Então, a Apple deveria fazer o mesmo? Poderia? Bem, eu argumentaria que não precisa - ou pelo menos, não no mesmo grau que seus rivais. A Apple é uma empresa construída em hardware, no iPhone e seu ecossistema em particular. Não há pressão para reinventar a busca como o Google ou melhorar seu software de produtividade como a Microsoft. Tudo o que precisa fazer é continuar vendendo telefones, e faz isso tornando o iOS o mais intuitivo e acolhedor possível. (Até, é claro, surgir uma nova plataforma de hardware para dominar, que pode ou não estar surgindo com o Vision Pro.)

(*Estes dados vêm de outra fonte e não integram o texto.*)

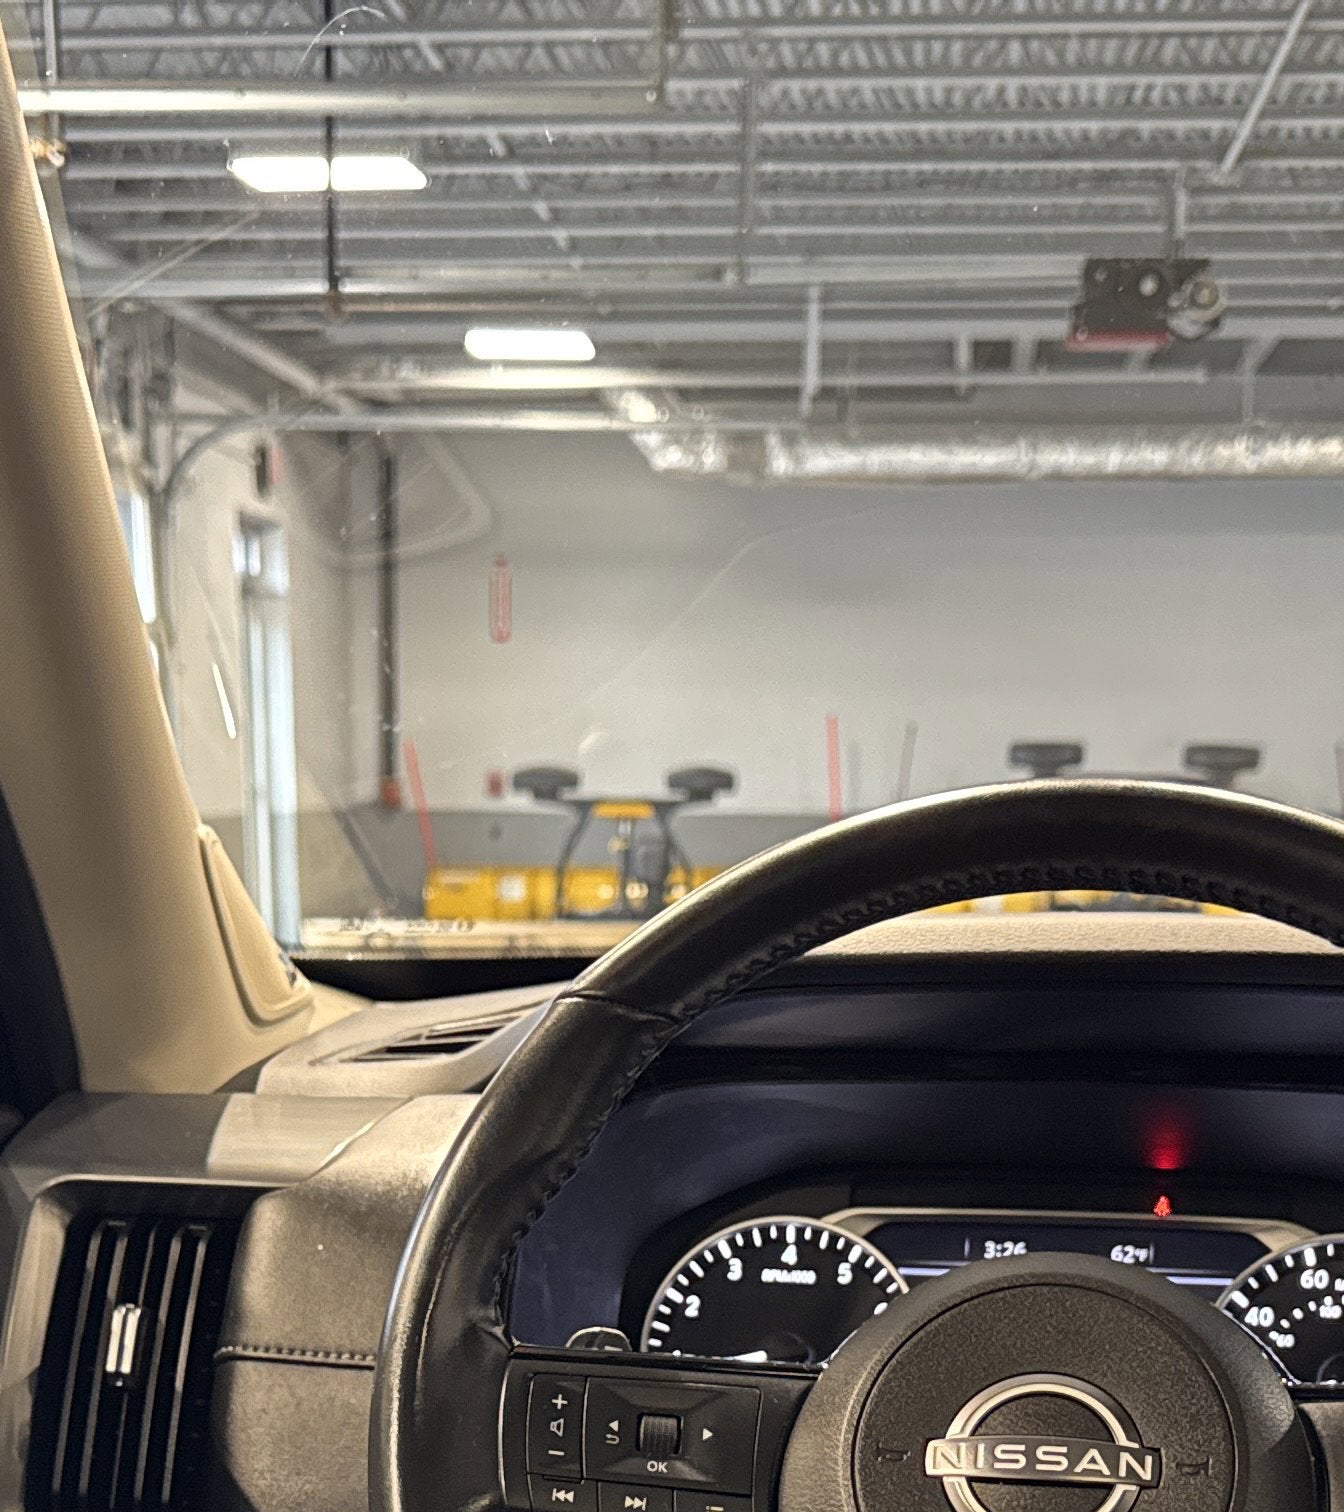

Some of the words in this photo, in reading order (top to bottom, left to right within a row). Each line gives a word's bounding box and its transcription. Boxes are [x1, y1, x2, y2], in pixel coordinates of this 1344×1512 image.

Há apenas uma área, eu acho, onde a Apple está perdendo por não abraçar a IA. É a Siri. A assistente digital da empresa tem sido motivo de riso há anos, e embora a Apple tenha inventado o mercado de assistentes digitais para o consumidor, está claro que não é mais uma prioridade para a empresa. A notícia mais significativa da Siri no WWDC deste ano foi que sua frase de ativação foi reduzida de "Hey Siri" para "Siri". Isso é tudo. Em um mundo onde os modelos de linguagem de IA estão melhorando muito a capacidade dos computadores de analisar a linguagem e abrindo novas possibilidades em campos como educação e saúde, o maior anúncio da Apple foi tornar a palavra de ativação para um produto que a maioria de nós ignora apenas três letras mais curta.
Há razões para ser cauteloso, é claro. Como Cook mencionou em sua entrevista ao GMA, há todos os tipos de problemas associados asoftwares como o ChatGPT, desde viés até desinformação. E uma corporação obcecada por imagem como a Apple seria particularmente cautelosa com as manchetes que o lançamento do Bing e Bard gerou. Mas por quanto tempo a empresa pode ficar à margem? E um impulso para a realidade virtual a distrairá de colher recompensas comparativamente alcançáveis na IA? Teremos que esperar até o próximo WWDC. E começar a contar as menções de "aprendizado de máquina".